Core: Classes, inheritance, super, include (mixin), attr_accessor, Struct.new, alias, module constants, open classes for built-in types.

Control Flow: if/elsif/else, unless, case/when, case/in (pattern matching), while, until, loop, for..in (range and array), break, next, return, catch/throw, &. (safe navigation).

Blocks: yield, block_given?, &block, proc {}, Proc.new, lambda -> x { }, method(:name). Block methods: each, each_with_index, map, select, reject, reduce, sort_by, any?, all?, none?, times, upto, downto.

Exceptions: begin/rescue/ensure/retry, raise, custom exception classes.

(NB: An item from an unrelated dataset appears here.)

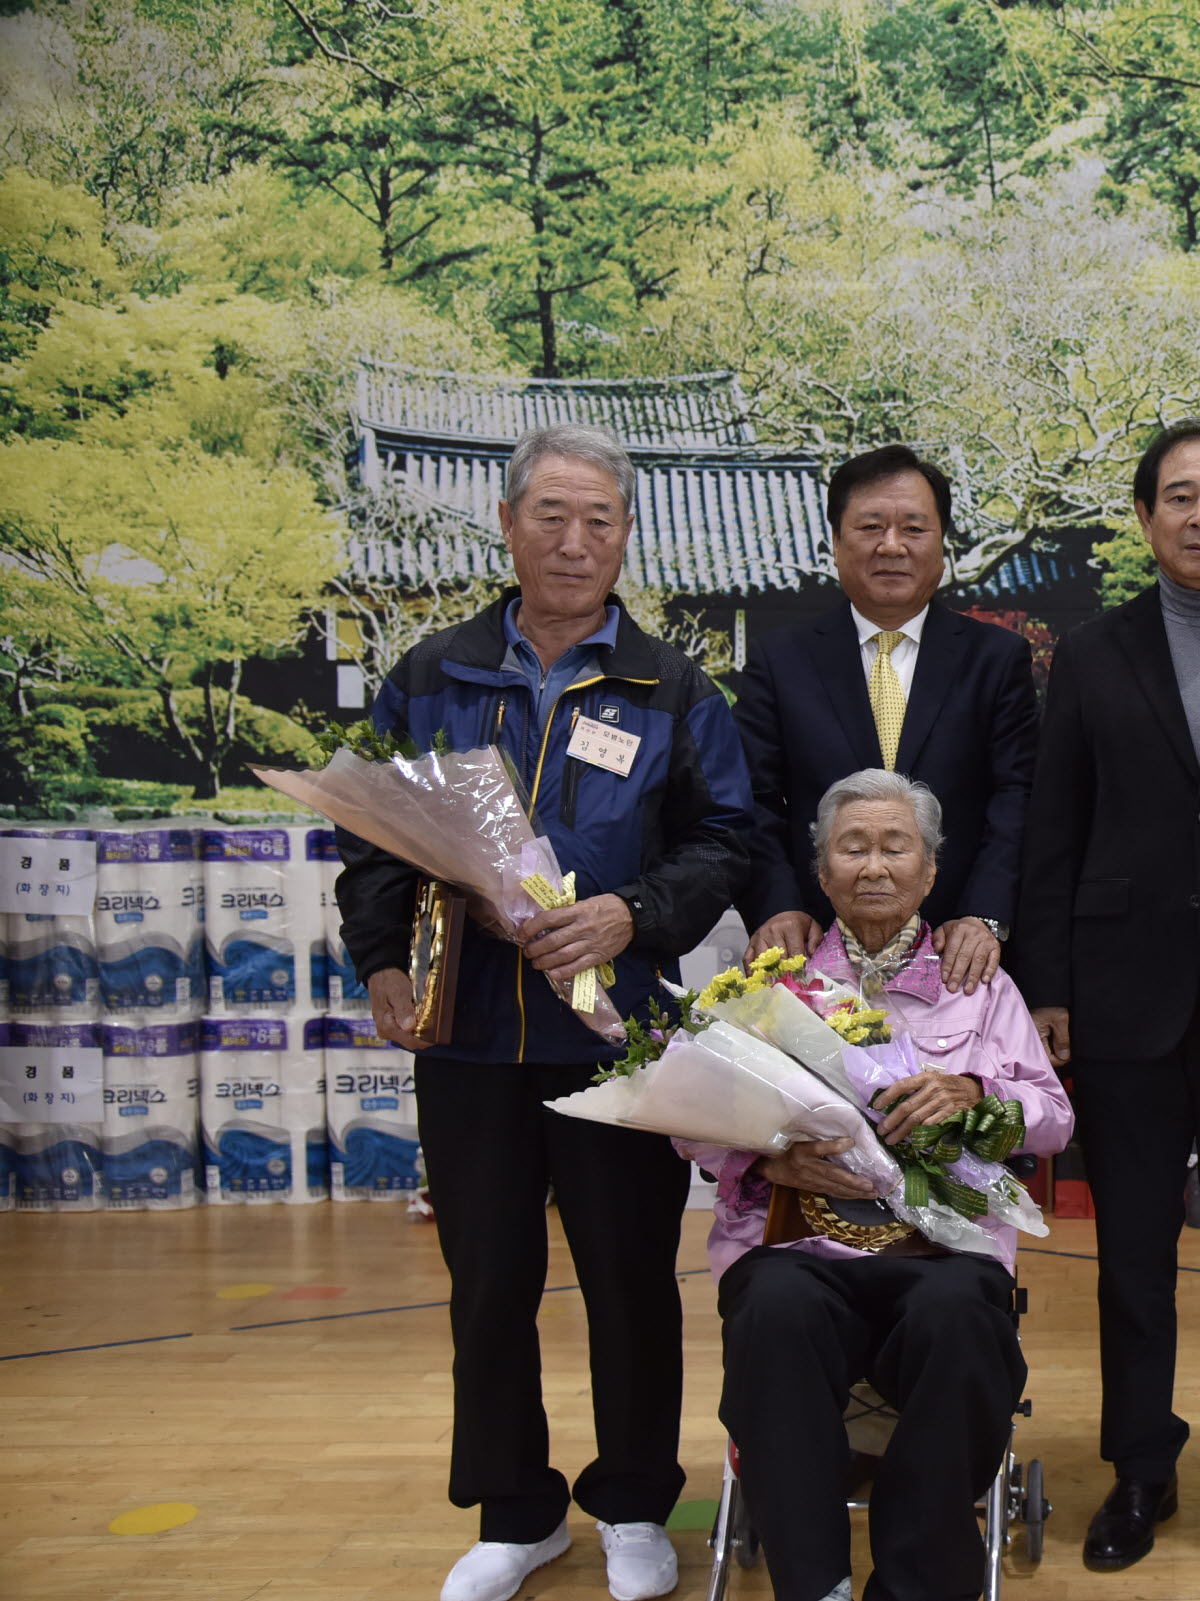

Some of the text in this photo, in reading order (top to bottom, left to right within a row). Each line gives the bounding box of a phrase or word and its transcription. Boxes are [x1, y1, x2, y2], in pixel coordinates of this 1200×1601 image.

[97, 895, 163, 912] 크리넥스
[220, 892, 286, 910] 크리넥스
[214, 1081, 283, 1099] 크리넥스

Types: Integer, Float, String (immutable + mutable), Array, Hash, Range, Time, StringIO, File, Regexp, Bigint (auto-promoted), Fiber. Polymorphic values via tagged unions. Nullable object types (T?) for self-referential data structures (linked lists, trees).

Global Variables: $name compiled to static C variables with type-mismatch detection at compile time.

Strings: << automatically promotes to mutable strings (sp_String) for O(n) in-place append. +, interpolation, tr, ljust/rjust/center, and all standard methods work on both. Character comparisons like s[i] == "c" are optimized to direct char array access (zero allocation). Chained concatenation (a + b + c + d) collapses to a single malloc via sp_str_concat4 / sp_str_concat_arr -- N-1 fewer allocations. Loop-local str.split(sep) reuses the same sp_StrArray across iterations (csv_process: 4 M allocations eliminated).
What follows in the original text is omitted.